In Figure 2.17, there are two Goroutines passing messages to each other. G1 context switches to M1 for work processing, which was previously done on Core1. Now G1 is sending messages to G2.

Figure 2.18

In Figure 2.18, once G1 has sent the message, it waits for the response to return. This switches G1 off the M1 and puts it into a waiting state. Once G2 receives a message notification, it enters the executable state. Now the Go scheduler switches G2 to M1, which is still running on Core1. G2 then processes the message and sends a new message to G1.

Figure 2.19

In Figure 2.19, a context switch occurs again as G1 receives the message sent by G2. Now THAT G2 has switched from the executing state to the waiting state and G1 has switched from the waiting state to the executable state and finally back to the running state, G1 is able to process and send new messages to G2 again.

On the surface things are not that different. Whether you use threads or Goroutines, there are context switches and state changes. But there is an important difference between threads and Goroutines that may not be noticeable.

In the case of Goroutines, the same OS thread and Core are used throughout the process. This means that, from the OS’s point of view, the OS thread has never been in a waiting state, not once. The result is that the instructions we lost in context switching in the thread are not lost in Goroutines.

In essence, go turns IO /blocking work into CPU intensive work at the OS level. Because all context switching takes place at the application level, context switching does not throw away 600 instructions (on average) as threads do. The Go scheduler also helps improve cache-line efficiency and NUMA. This is why we don’t need more threads than the number of virtual kernels. In Go, more things are processed over time because the Go scheduler tries to do more with fewer threads per thread, which helps reduce load delays at the OS and hardware levels.

conclusion

The design of the Go scheduler is really surprising considering the complexity of operating system and hardware work. Converting IO /blocking work to CPU intensive work at the operating system level is where the big success lies in leveraging more CPU capacity. That’s why you don’t need more OS threads than virtual kernels. With one OS thread per virtual kernel, you can reasonably expect all of your work (CPU intensive, IO intensive) to be done. This can also be done for network programs and those that do not require system calls to block OS threads.

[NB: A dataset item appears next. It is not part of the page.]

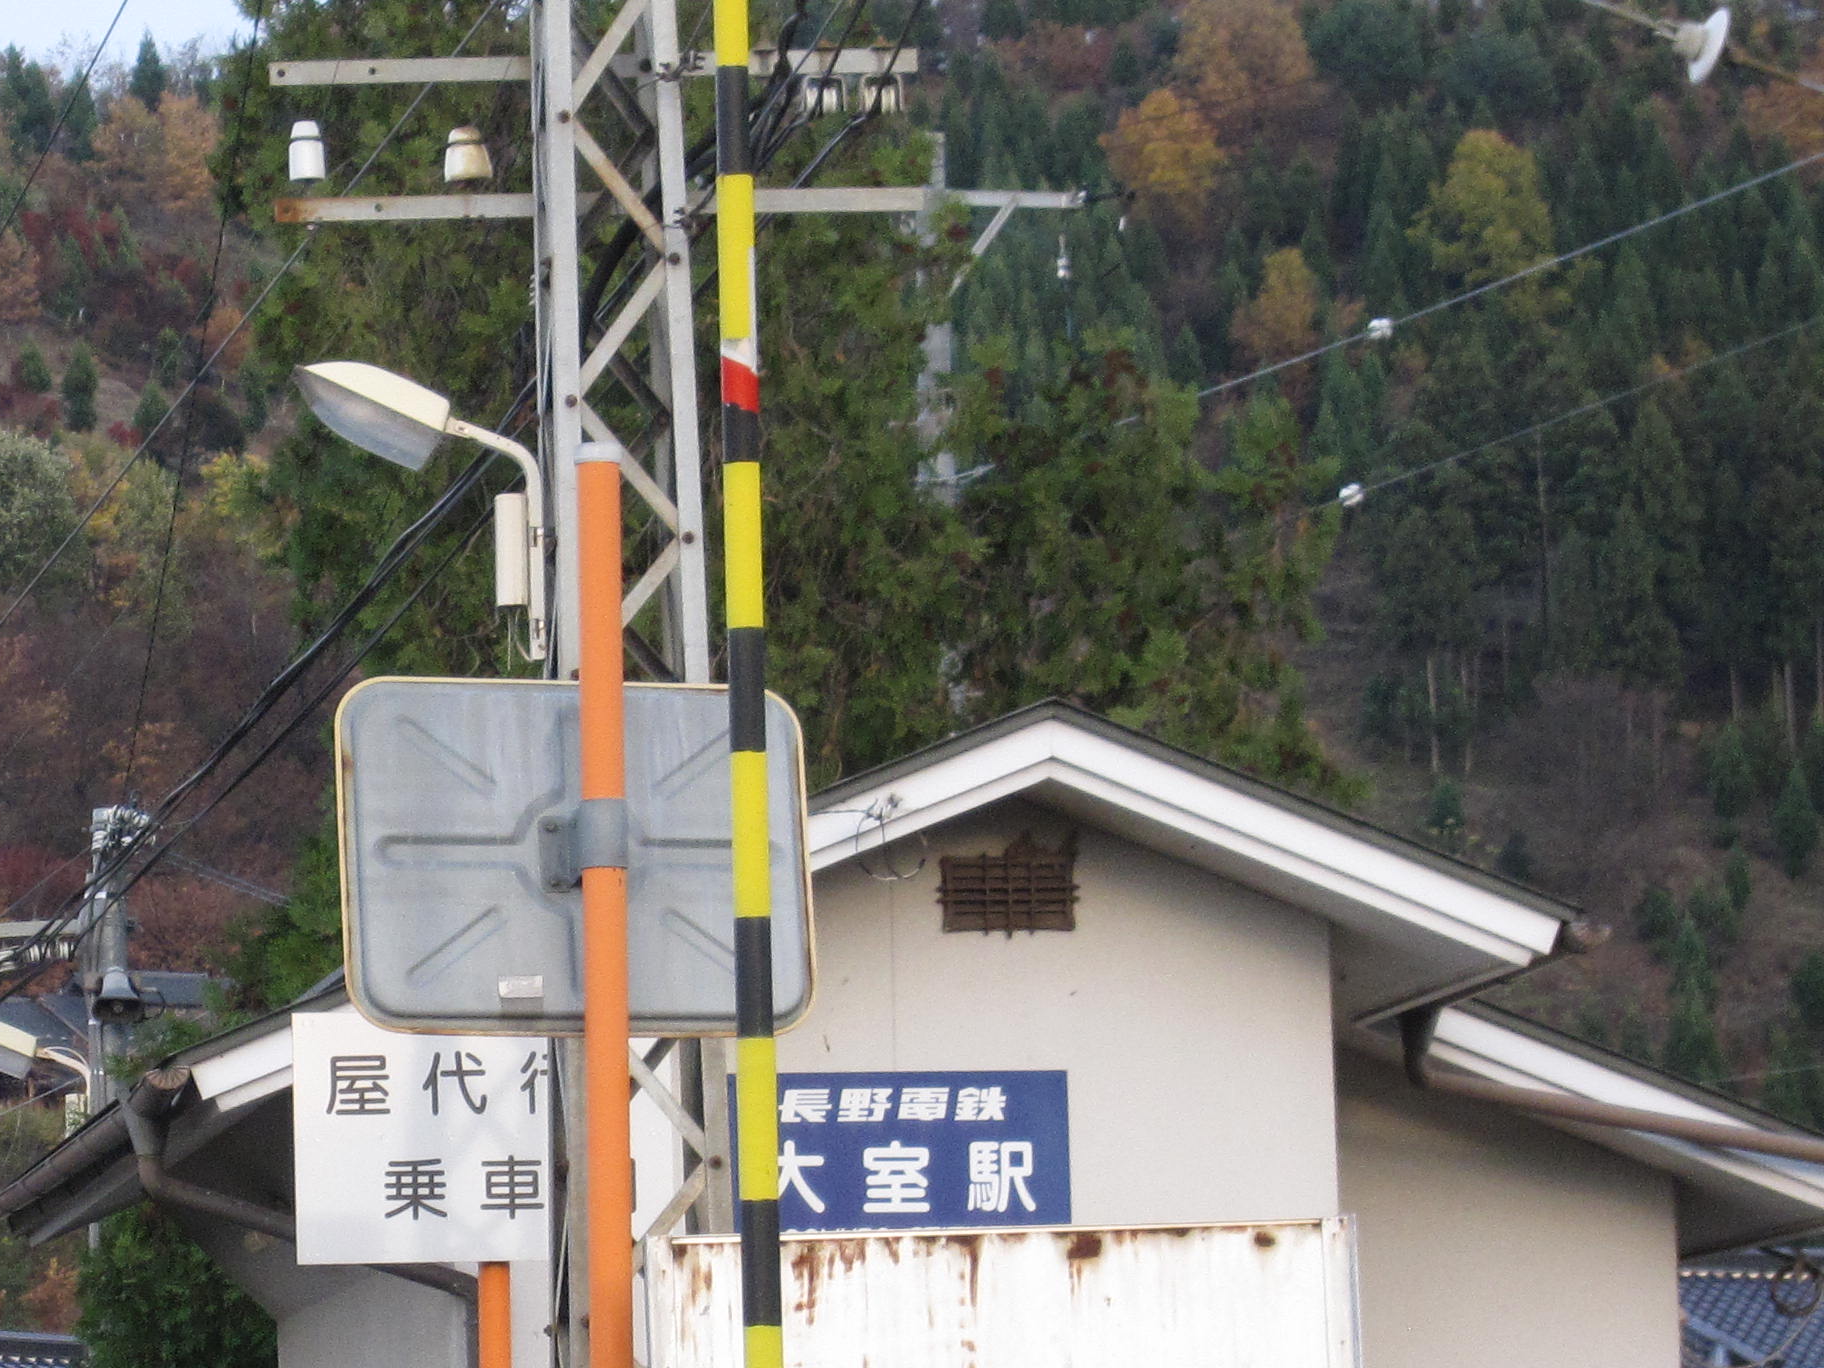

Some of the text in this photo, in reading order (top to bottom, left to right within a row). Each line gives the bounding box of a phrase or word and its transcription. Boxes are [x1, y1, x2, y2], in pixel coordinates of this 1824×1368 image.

[778, 1086, 1008, 1123] 長野電鉄
[384, 1154, 637, 1221] 乗車
[777, 1139, 1037, 1214] 大室駅

As a developer, you still need to understand what your program is doing when it handles different types of work. You can’t create goroutine indefinitely for better performance. Less is always more, but by understanding the GO scheduler, you can make better decisions. In the next installment, I’ll explore ways to use concurrency in a conservative way to improve performance, but there’s a balance to be made between code complexity.